Calatagan Golf Club v. Clemente
NEW DOCTRINEFacts
The Antecedents: Respondent Sixto Clemente, Jr. (Clemente) applied for and was issued a share of stock in petitioner Calatagan Golf Club, Inc. (Calatagan) in 1990. Clemente paid his monthly dues until March 1991, after which he ceased paying. Calatagan sent demand letters to Clemente's mailing address, which were returned as the postal box was closed. Calatagan declared Clemente delinquent and, by resolution of its board of directors, authorized the foreclosure and public auction of his share. A final demand letter was sent to the same closed postal address. The share was sold at public auction for ₱64,000.00, while Clemente's outstanding dues amounted to ₱5,200.00. Clemente learned of the sale in November 1997 and filed a claim with the Securities and Exchange Commission (SEC) seeking restoration of his share and damages.
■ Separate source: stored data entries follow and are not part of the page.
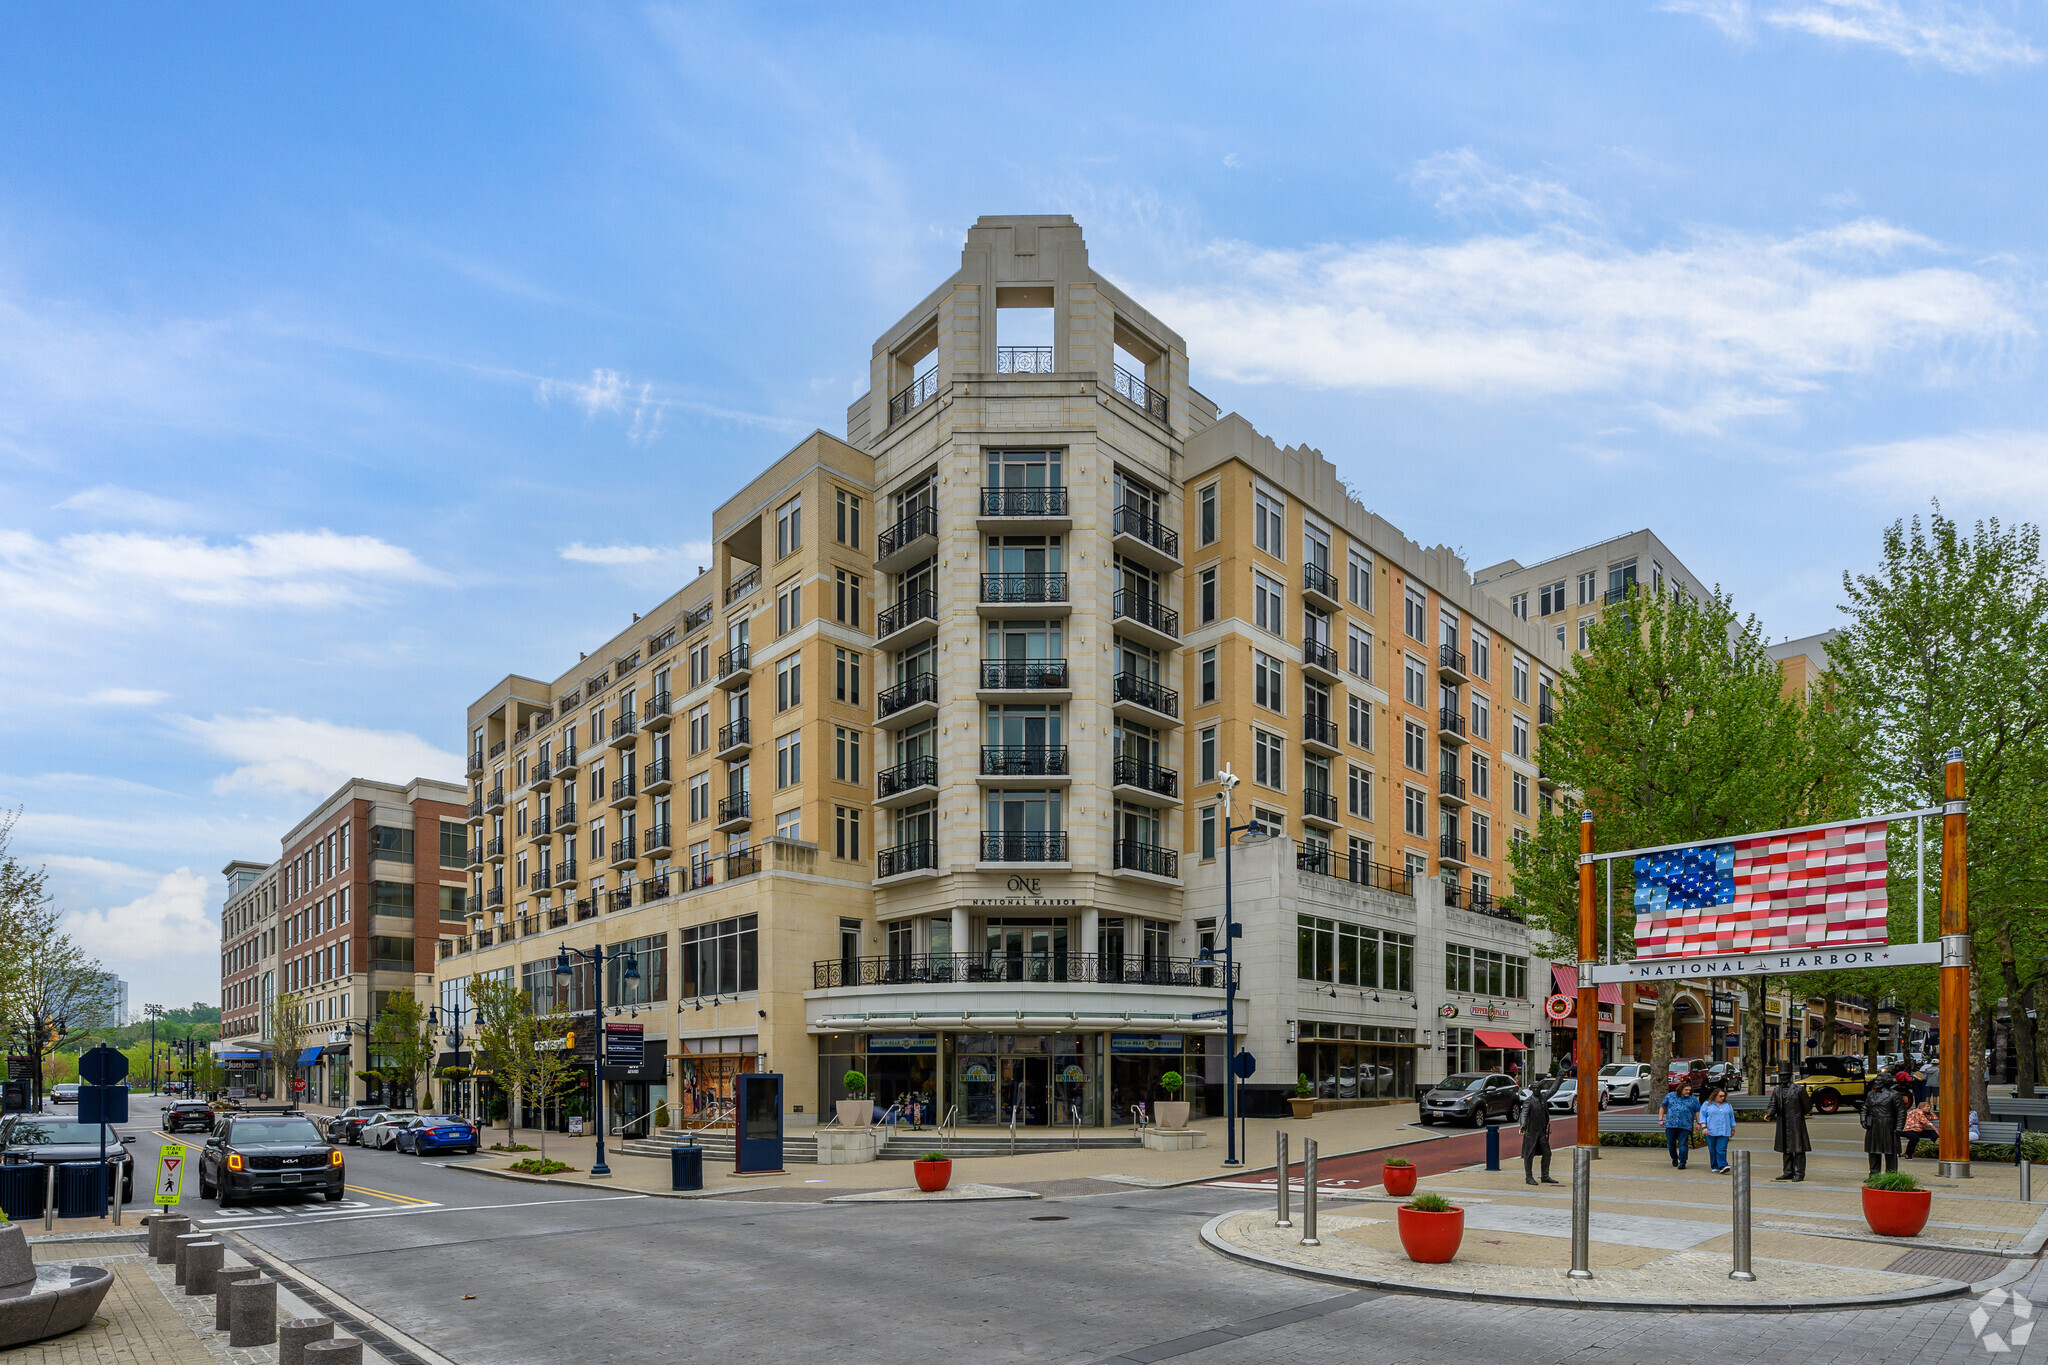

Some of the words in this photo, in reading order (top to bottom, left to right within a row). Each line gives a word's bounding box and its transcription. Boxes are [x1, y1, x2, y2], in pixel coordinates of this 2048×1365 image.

[1007, 874, 1042, 895] ONE
[1640, 960, 1745, 977] NATIONAL
[1780, 952, 1874, 967] HARBOR
[1471, 1006, 1488, 1015] PEPPER
[1495, 1008, 1509, 1017] PALACE
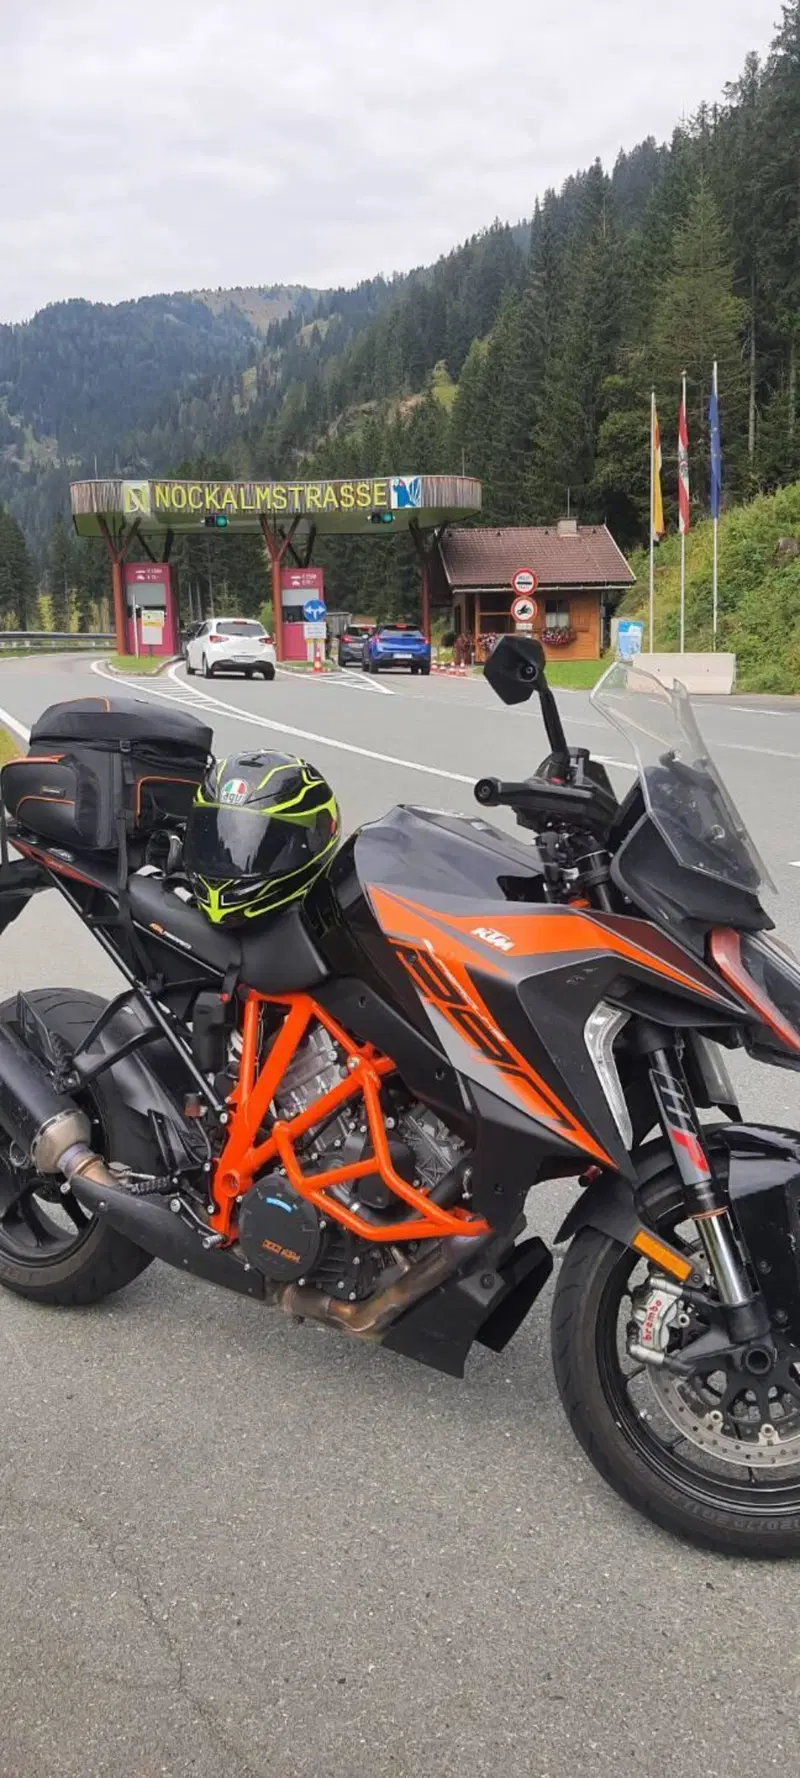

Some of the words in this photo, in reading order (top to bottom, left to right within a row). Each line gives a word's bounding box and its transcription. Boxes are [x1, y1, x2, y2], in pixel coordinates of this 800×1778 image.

[155, 481, 387, 507] NOCKALMSTRASSE
[472, 927, 515, 951] KTM
[643, 1299, 662, 1341] brembo
Procedural History: The SEC dismissed Clemente's complaint, ruling that his claim had prescribed under Section 69 of the Corporation Code, which provides a six-month prescriptive period for actions to question the sale of delinquent stock. The SEC also found that Calatagan had complied with requirements and that Clemente acted in bad faith. The Court of Appeals reversed the SEC's decision, holding that Section 69 of the Corporation Code applies only to unpaid subscriptions, not to unpaid membership dues. The appellate court applied Article 1140 of the Civil Code (eight-year prescriptive period for recovery of movables) and found that Calatagan failed to comply with its by-laws regarding notice, particularly by sending the final demand letter to a known closed postal address. The Court of Appeals ordered the restoration of Clemente's share and awarded damages. The Petition: Calatagan filed a petition for review with the Supreme Court, seeking reversal of the Court of Appeals' decision and reinstatement of the SEC's ruling. Calatagan argued that Clemente's action had prescribed under Section 69 of the Corporation Code and that it had complied with notice requirements.
Issue(s)
Whether the action to recover the foreclosed share of stock had prescribed. Whether Calatagan Golf Club, Inc. complied with its own by-laws and the requirements of due diligence and good faith in the foreclosure and sale of Clemente's share. Whether Clemente is entitled to damages.
Ruling
The petition is DENIED. The Decision of the Court of Appeals is AFFIRMED.
Ratio Decidendi
On the prescription of the action: The Court affirmed the Court of Appeals' ruling that Section 69 of the Corporation Code, which provides a six-month prescriptive period, applies only to the sale of delinquent stock for unpaid subscriptions to capital stock, not to the sale of shares for unpaid membership dues. The Court reiterated that Clemente had fully paid for his share, and his obligation was for monthly dues, not unpaid subscription. Therefore, Section 69 was inapplicable. The Court found Article 1140 of the Civil Code, providing an eight-year prescriptive period for the recovery of movables, to be the appropriate rule, and Clemente's action, filed within this period, had not prescribed. Calatagan's alternative arguments invoking Articles 1146 and 1149 of the Civil Code were also found inapplicable. On compliance with by-laws and good faith: The Court found that Calatagan failed to comply with its own by-laws and the standards of due diligence and good faith. Specifically, Calatagan's Corporate Secretary, despite knowing that the mailing address provided by Clemente had been closed (as evidenced by returned demand letters), sent the final demand letter to the same closed postal box. This act was deemed a failure to exercise due diligence, as Clemente's residential address and telephone numbers were on file and could have been used for notification. The Court emphasized that the by-law provisions were intended to provide genuine notice and protection to the member, not merely a procedural façade. The Court concluded that Calatagan acted in bad faith, which rendered the sale of Clemente's share voidable. On damages: The Court affirmed the award of damages by the Court of Appeals. Actual damages were deemed warranted due to Clemente's pecuniary injury resulting from Calatagan's wrongful violation of its by-laws. While Clemente's original certificate could not be restored, the directive for Calatagan to issue a new share sufficiently redressed the actual damages. The Court also upheld the awards for moral damages (₱200,000.00), exemplary damages (₱100,000.00), and attorney's fees (₱100,000.00). Moral damages were justified by Clemente's proven mental anguish and wounded feelings. Exemplary damages were warranted by Calatagan's bad faith, serving as a correction for the public good. The Court also cited Article 32 of the Civil Code, which allows recovery for violations of due process rights.
Main Doctrine
A non-stock corporation's failure to strictly comply with its own by-laws regarding notice and procedure for the foreclosure and sale of a member's share for unpaid dues constitutes bad faith, rendering the sale voidable and entitling the member to damages, even if the member failed to update their mailing address.